The causes of the formation of rain are evidently the same everywhere. The secondary conditions change only according to climates; but they vary so much that rains are distributed very unequally over the earth. According to Desanis, the quantity of vapor contained in a column of air as high as the atmosphere would give, in France, a layer of water about four centimetres thick. Few rain storms would furnish so much; but there are storms sometimes that give much more. On August 17, 1888, seven centimetres of water fell at Clermont in five hours; and September 12, 1875, the pluviometer measured ten centimetres for the whole day. Still more copious rains fall in some tropical countries; at Purneah, in India, eighty-nine centimetres have fallen in twenty-four hours.
Mr. John Murray has calculated, from the charts of Elias Loomis, that the quantity of rain falling every year over the whole earth would form a bed of water averaging nine hundred and seventy millimetres in depth.
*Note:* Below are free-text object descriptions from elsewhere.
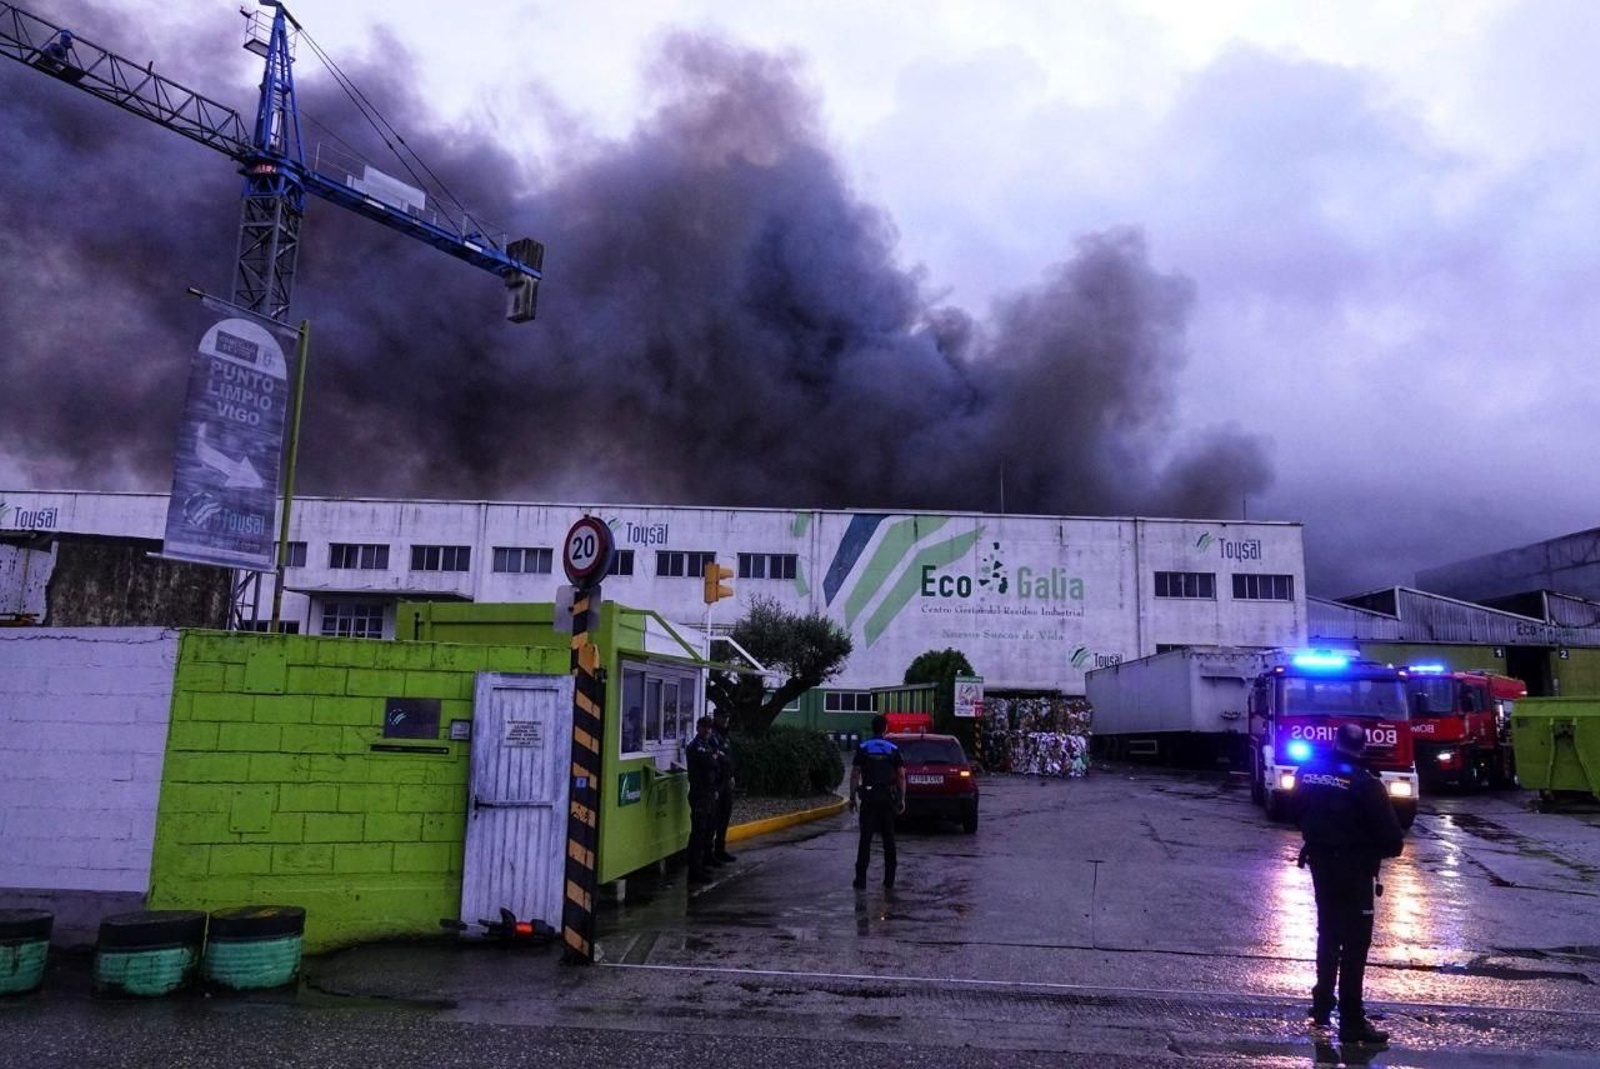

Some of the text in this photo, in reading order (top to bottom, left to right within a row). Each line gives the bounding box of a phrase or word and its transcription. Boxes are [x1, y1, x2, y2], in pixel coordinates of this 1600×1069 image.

[211, 360, 275, 393] PUNTO
[207, 379, 272, 411] LIMPIO
[217, 400, 260, 426] VIGO
[572, 534, 595, 561] 20
[920, 565, 1084, 601] Eco Galia
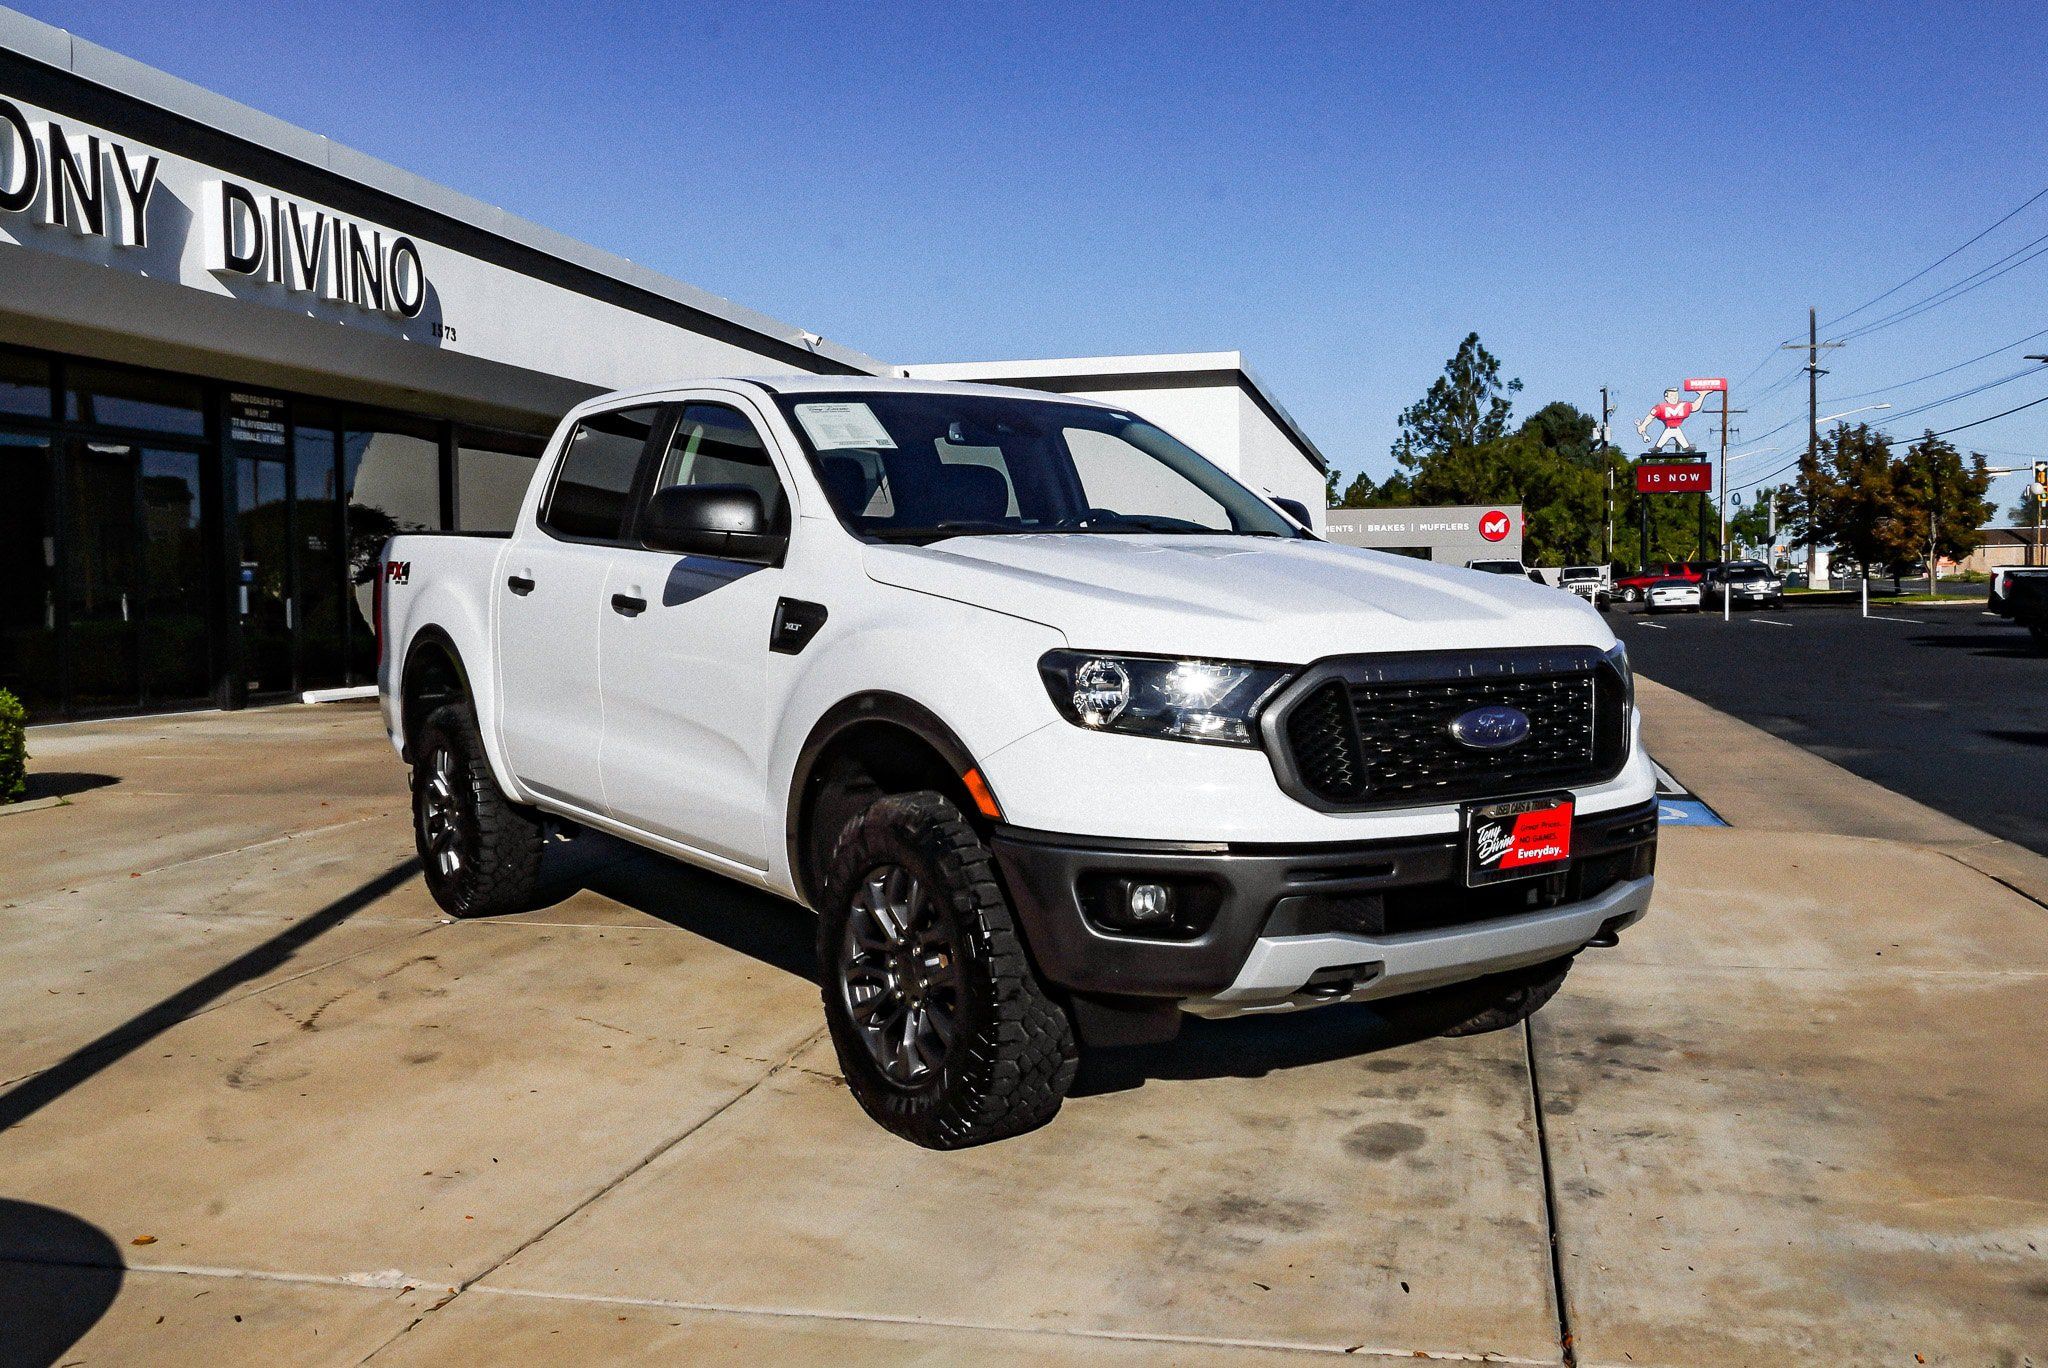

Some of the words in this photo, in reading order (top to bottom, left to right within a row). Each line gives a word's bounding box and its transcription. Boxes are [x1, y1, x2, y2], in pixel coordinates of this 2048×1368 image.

[220, 180, 427, 319] DIVINO
[431, 322, 457, 342] 1573
[1647, 474, 1661, 483] IS
[1668, 473, 1700, 482] NOW
[1367, 524, 1406, 532] BRAKES
[1419, 522, 1470, 531] MUFFLERS
[385, 561, 411, 584] FX4
[785, 622, 802, 632] XLT
[1477, 821, 1502, 845] Tony
[1476, 834, 1516, 860] Divino
[1517, 845, 1562, 858] Everyday.
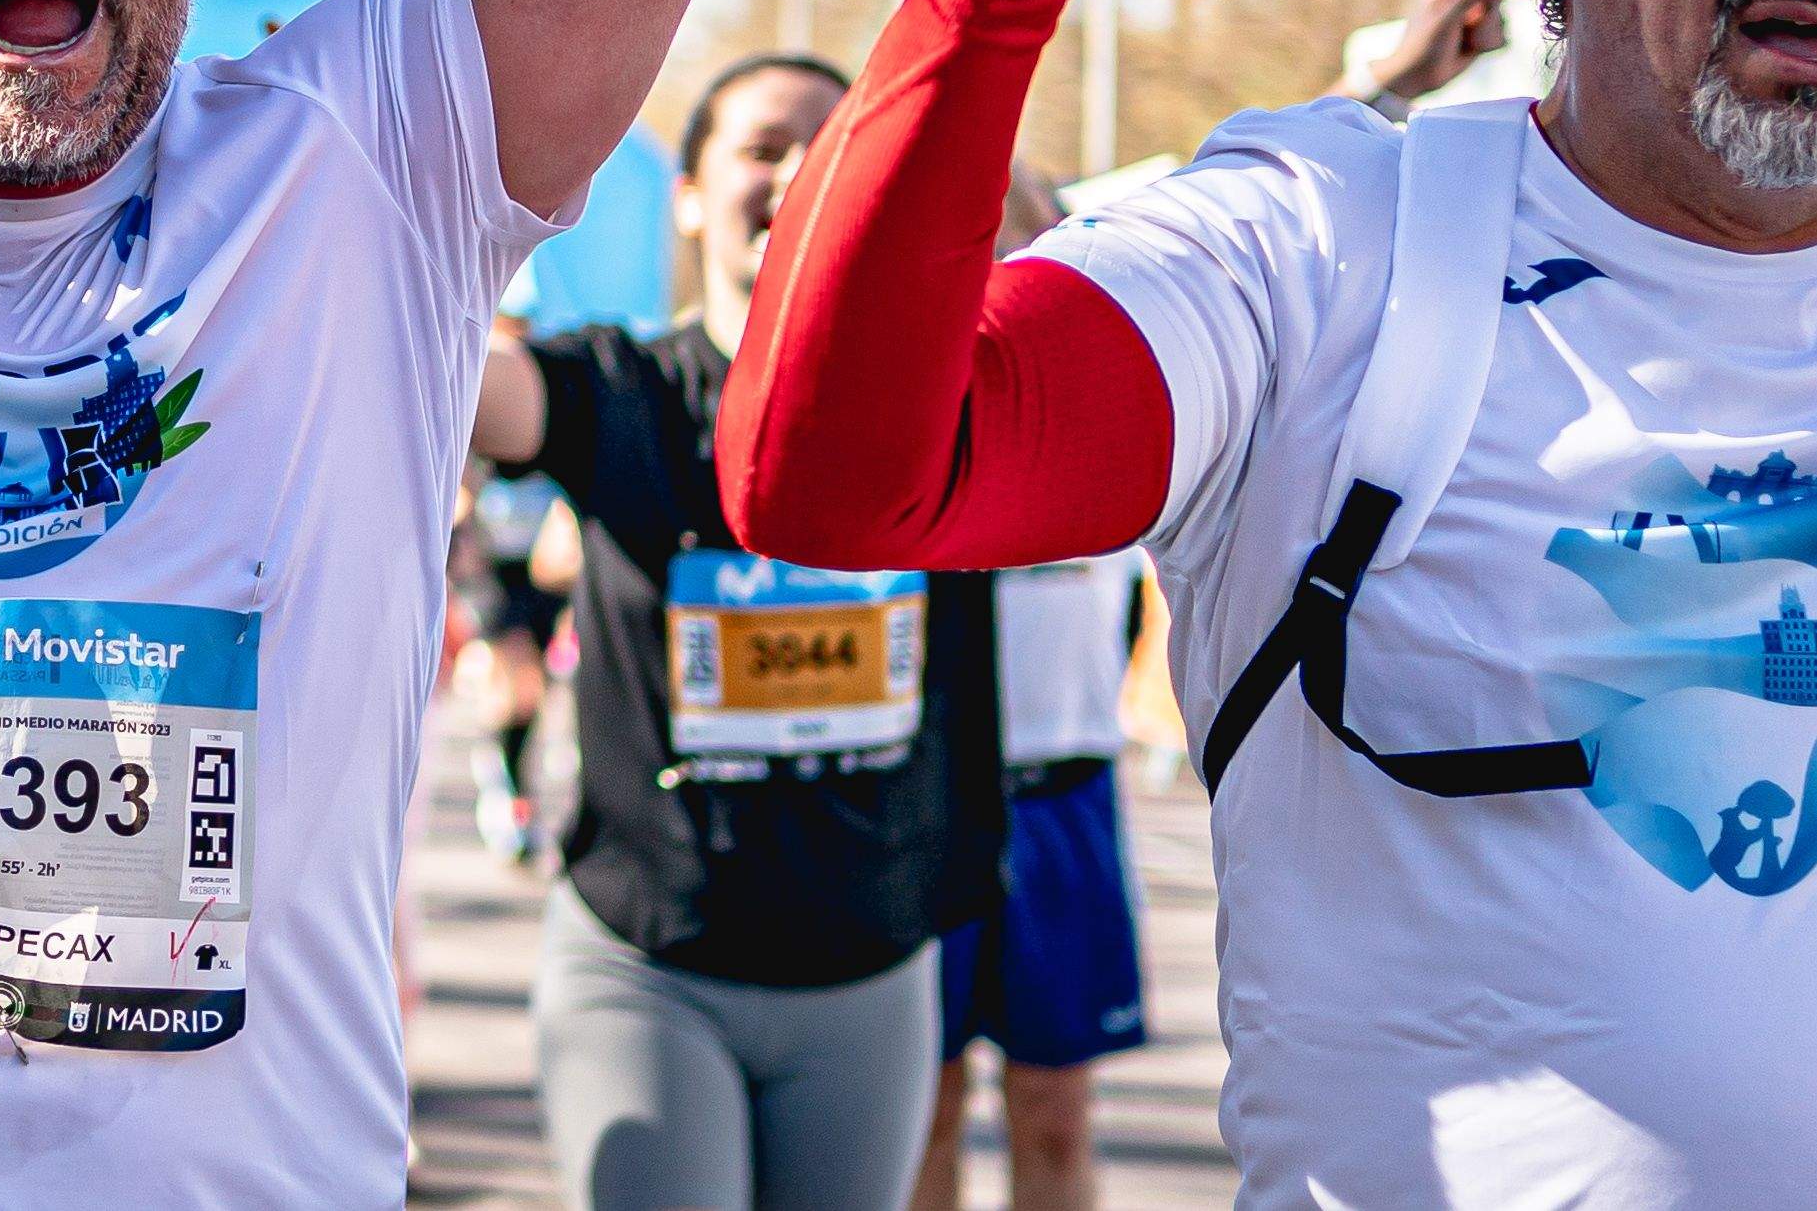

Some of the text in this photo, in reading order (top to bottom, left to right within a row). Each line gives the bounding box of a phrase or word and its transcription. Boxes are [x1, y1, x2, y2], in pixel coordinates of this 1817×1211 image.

When we consider the annual quantities of rain in particular regions or localities, we find the numbers exceedingly variable, and some of them surprising. Clermont receives 630 millimetres, and the mean of the fall in Europe is about the same. About one metre falls on the western coast of Iceland, two metres in Norway, 2.80 metres in Scotland, 4.60 metres at Vera Cruz, 5.20 metres at Buitenzorg, in the Dutch East Indies, 7.10 metres at Maranhão, Brazil, and 12.50 metres at Cherrapunji, in British India. On the other hand, it rarely rains in some regions of the globe north and south of the equator; as in the center of the Sahara and of Arabia, the plateau of eastern Persia and Beluchistan, the desert of Kalahari, and the desert of Atacama. The plains or pampas of the eastern slopes of the Andes, in about 23° south latitude, are likewise subject to extreme droughts, in one of which, lasting three years, three million head of cattle perished.—Translated for the Popular Science Monthly from Ciel et Terre.
[12] An address before the Society of Horticulture and Viticulture at Clermont-Ferrand.